Saturday, July 12, 2008

Read Write Poem: Dark Summer


Totaranui Beach, Golden Bay
Summer 2007


Summer Holiday
That day
we walked
too far and
the tide covered
the rocks
on our return.

We timed our
wading with
the waves,
oyster shells
cutting our feet.
A sting-ray swam
nearby.

Back on the
beach the surf
pursued us
into the
sand dunes where
Katipo hid
waiting.

There were sea
lice in your
togs and
sunburn stung
so that the
elastic from
your underwear
bit at your legs.

We had dinner
at Cobb and Co
and Dad got
food poisoning
from the mushrooms.

It was the
worst day
of the summer.

And a bonus, seeing as the Read Write Poem girls were sweet enough to provide me with my own prompt. I had already started working on the original prompt, but their generosity could not be overlooked!

Winter
In Wellington
we dwindle,
shrink to fit
between the rain,
to duck beneath
the wind.
We slow -
houses growing
cobwebs,
drafty villas too
cold for movement.
We hide in bed,
preserve energy instead.
Yes, we know these are
not tropical isles.
And yet here,
no double glazing,
central heating.
Such ridiculous
luxuries!
We are
snow-covered
hills and sleet
carried across
the water from
the Kaikouras.
We are waiting,
waiting for the
storm to pass,
the wind to die,
the sun to shine.
We are waiting
for the Shining
Cuckoo
, the
orgiastic Tuis
of the spring.
We are waiting,
but we,
the antipodians,
are survivors.
Here at the
Southern end
of this Northern
isle.

9 comments:

Anonymous said...

generous of you to respond with two pieces!

the first one, especially, tells a terrific story -- what incredible details.

Anonymous said...

"We timed our wading with the waves..." beautiful marriage of sound and sense. You have that eye for detail and ear for phrases that make a poet.

Andy Sewina said...

Yeah, I love both of these and coincidently I just went to a leaving do - a friend of ours and her family are emigrating to NZ.

Jeff Fleming said...

Wow! I was so impressed with the first poem. Amazing imagery and wonderful word smithery. I really felt the waves and tasted the salt spray and felt the sting of the sunburn. Wow (again)!
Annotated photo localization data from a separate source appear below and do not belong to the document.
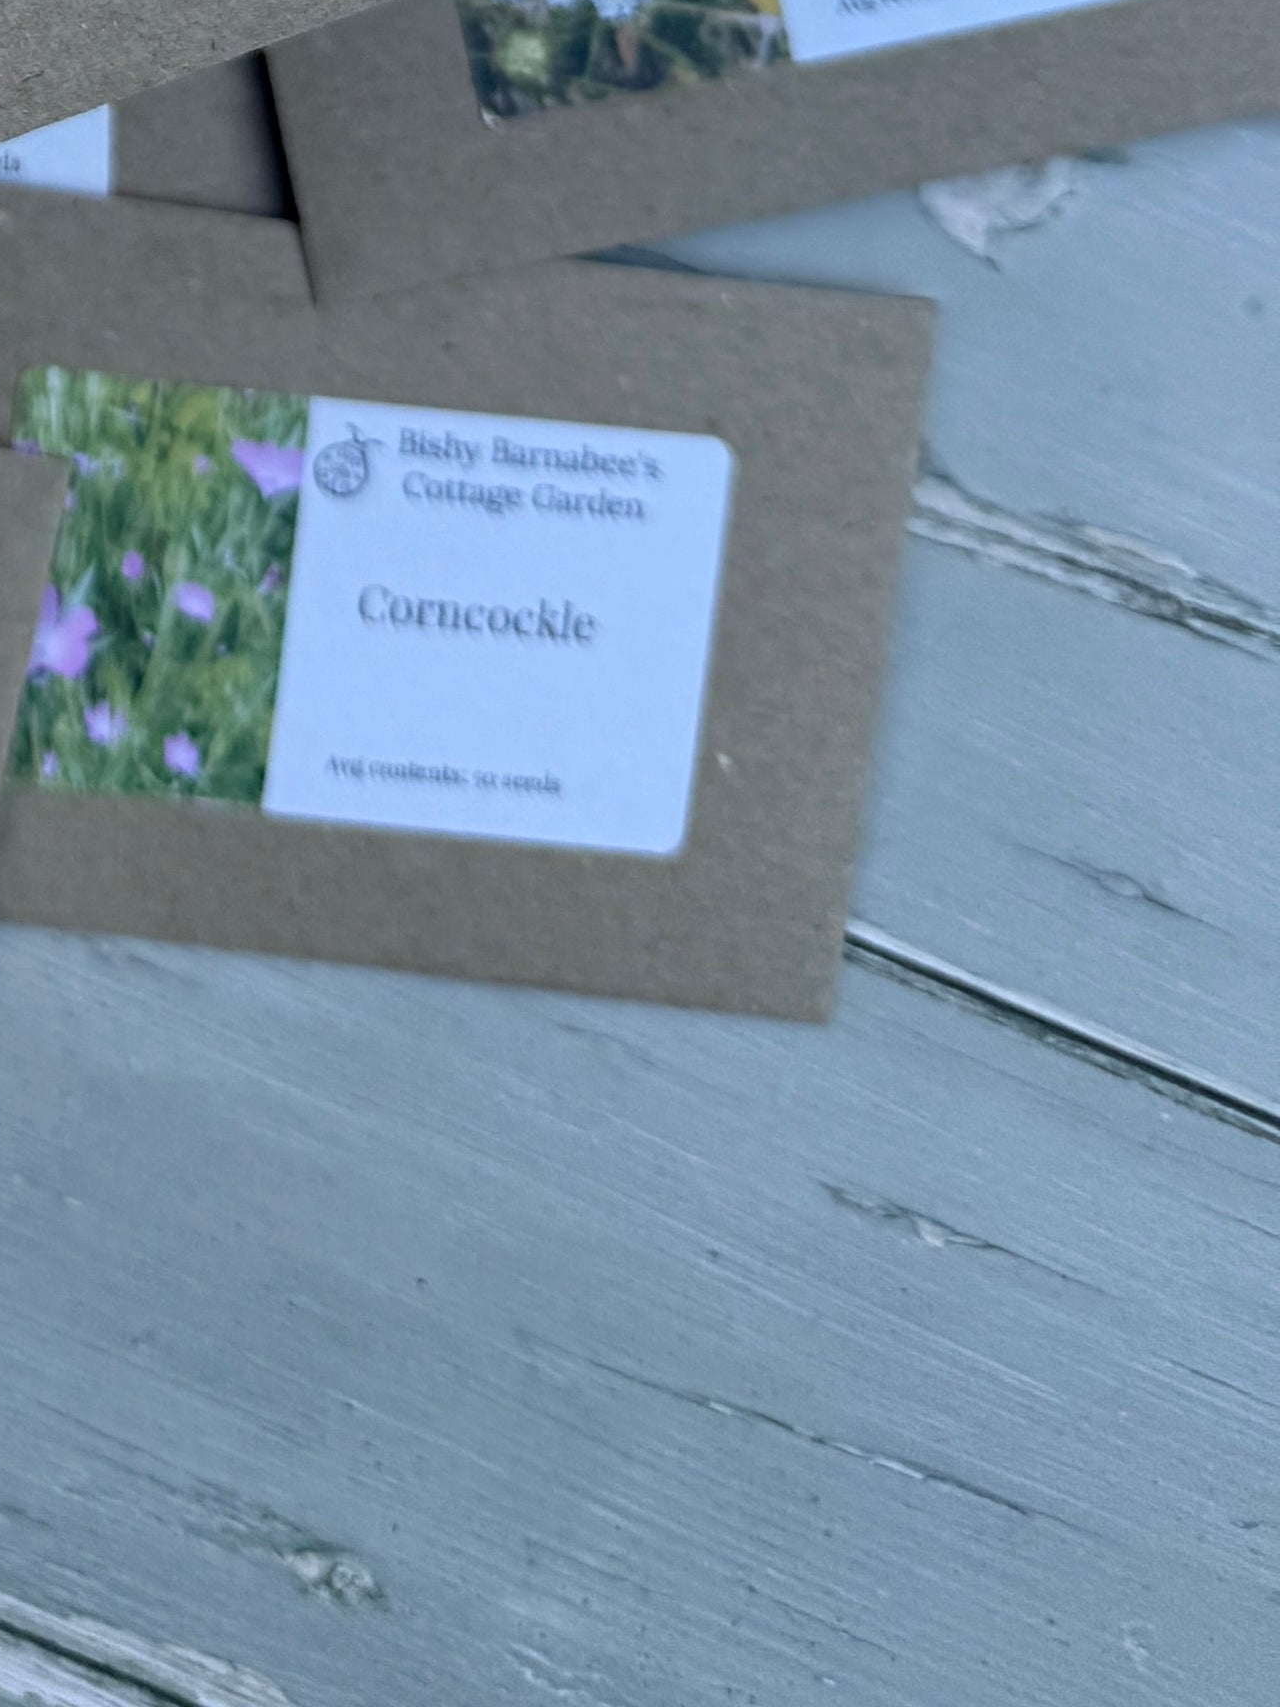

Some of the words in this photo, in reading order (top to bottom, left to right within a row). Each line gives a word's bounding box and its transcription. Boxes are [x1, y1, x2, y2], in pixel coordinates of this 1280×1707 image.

[399, 427, 481, 465] Bishy
[491, 434, 664, 481] Barnabee's
[402, 471, 524, 514] Cottage
[533, 482, 644, 521] Garden
[358, 585, 597, 644] Corncockle
I have to be completely honest and say that the end left me a little disappointed. I think if the reader is left to draw his/her own conclusion, the poem truly succeeds.
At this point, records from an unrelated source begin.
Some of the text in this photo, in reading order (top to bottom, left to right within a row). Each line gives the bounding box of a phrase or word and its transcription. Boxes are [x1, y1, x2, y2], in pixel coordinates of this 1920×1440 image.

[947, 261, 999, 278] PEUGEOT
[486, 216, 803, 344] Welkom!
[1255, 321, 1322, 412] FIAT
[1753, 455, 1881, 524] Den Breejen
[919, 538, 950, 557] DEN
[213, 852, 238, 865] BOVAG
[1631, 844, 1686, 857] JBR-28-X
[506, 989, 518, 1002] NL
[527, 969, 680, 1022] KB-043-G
Without that last stanza (or maybe a different version) this is a first class poem.

I don't suppose you'd like to submit it to my poetry mag for publication? We publish only short poems (20 lines or less) but I would be interested in printing the first three stanza, if you could stand to see it in print that way...or maybe changing the line breaks to fit in the fourth stanza?

Let me know what you think.

GREAT JOB! A wonderful summer poem.

Crafty Green Poet said...

The first poem perfectly evokes anm uncomfortable beach walk, that spider you linked to is quite terrifying, it even looks evil...

Anonymous said...

beautiful... oh the tides, funny how we forget in the moment... the red spider in oz, scary... always hung out in the outhouse in the back of the house... hadnt thought abt that in years... poor dad, probably wasnt feel too good... winter in wellington a beautiful gaze of life... thank you for the links...

Anonymous said...

the image of elastic "biting" on sunburned skin is very effective -- it really does feel like that, doesn't it :-)

i haven't actually gone too far on the beach and been cut off by the tide myself before, but it is the image i've had in my mind that kept me from being too adventurous a few times!

about those katipo -- wow, i never get over how many dangerous animals you all have down there. if i were there, i'm not sure i could ever get out of the house LOL

Catherine said...

I'm a bit slow to visit the contributors this week - enjoyed both of these.
I have to admit I've never seen a katipo and gather they are quite shy and leave you alone if you leave them alone - unlike some of the nastier denizens "across the ditch".
Hope your blog visitors above don't confuse NZ with Australia too much!

Pip said...

Hi all

Thanks for your comments! Sorry for my absence. As Catherine has hinted at, the Katipo is New Zealand's only poisonous creature and it's very shy. I've never seen one either.

Jeff, if you read this, I am interested in the opportunity to have my poem published in the form you suggest. I have to confess I didn't like the last stanza either but chose to publish it in a draft form so as to get something out there.